Music for the podcast by Bird Name courtesy of the Free Music Archives under creative commons
Bugs and Fixes
Belkin fixed an arbitrary code execution vulnerability in its n750 router. The secure chat service, Pidgin, issued some fixes too. Microsoft and Adobe fixed a slew of bugs in its patch Tuesday, released earlier this month. The company also dealt with a crypto implementation flaw and issued an out-of-band patch later in the month. Apple fixed some bugs in its iOS mobile operating system, while Google patched some nasty bugs in Android Lollipop. Lastly, WordPress fixed a serious XSS flaw.

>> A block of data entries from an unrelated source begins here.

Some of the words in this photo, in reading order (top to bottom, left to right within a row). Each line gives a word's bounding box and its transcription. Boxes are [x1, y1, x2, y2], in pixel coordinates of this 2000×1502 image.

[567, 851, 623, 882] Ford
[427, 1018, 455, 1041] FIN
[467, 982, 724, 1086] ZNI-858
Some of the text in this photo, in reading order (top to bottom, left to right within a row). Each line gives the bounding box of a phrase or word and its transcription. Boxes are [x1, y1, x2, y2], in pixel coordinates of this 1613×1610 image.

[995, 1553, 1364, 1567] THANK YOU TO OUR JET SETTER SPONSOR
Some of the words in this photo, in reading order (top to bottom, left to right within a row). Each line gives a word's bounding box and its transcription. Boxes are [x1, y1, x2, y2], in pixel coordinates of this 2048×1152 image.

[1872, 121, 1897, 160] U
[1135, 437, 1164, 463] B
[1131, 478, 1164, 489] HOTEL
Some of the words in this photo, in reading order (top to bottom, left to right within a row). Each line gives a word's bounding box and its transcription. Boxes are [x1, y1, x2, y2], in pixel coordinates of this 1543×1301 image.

You can do some additional reading on the CoinVault ransomware malware on Threatpost and Securelist. Additionally, a new variant of the Citadel trojan is targeting password management programs.
It was a relatively light month in terms of data breaches, with just the National Oceanic and Atmospheric Administration and the United States Postal Service victimized.
#TalkSecurity: @Brokenfuses and @TheBrianDonohue discuss Web #crypto, Regin #APT, data breaches, #malware and moreTweet
Encrypt All Things
The Electronic Frontier Foundation is calling on the NIST to be more open and transparent in its process of setting encryption standards. Meanwhile the U.S. Senate voted on, but failed to pass, the NSA surveillance-curtailing, USA FREEDOM Act. The Internet Architecture Board is recommending that encryption become the default online and the EFF is trying to make Web encryption easier. WhatsApp is moving to encrypt all of its users’ traffic and the EFF issued scorecards to illustrate which chat services are strongly encrypting communications and which aren’t.
Last but not least, there is a new APT actor out there and researchers are saying that Regin might be the most sophisticated attack platform ever.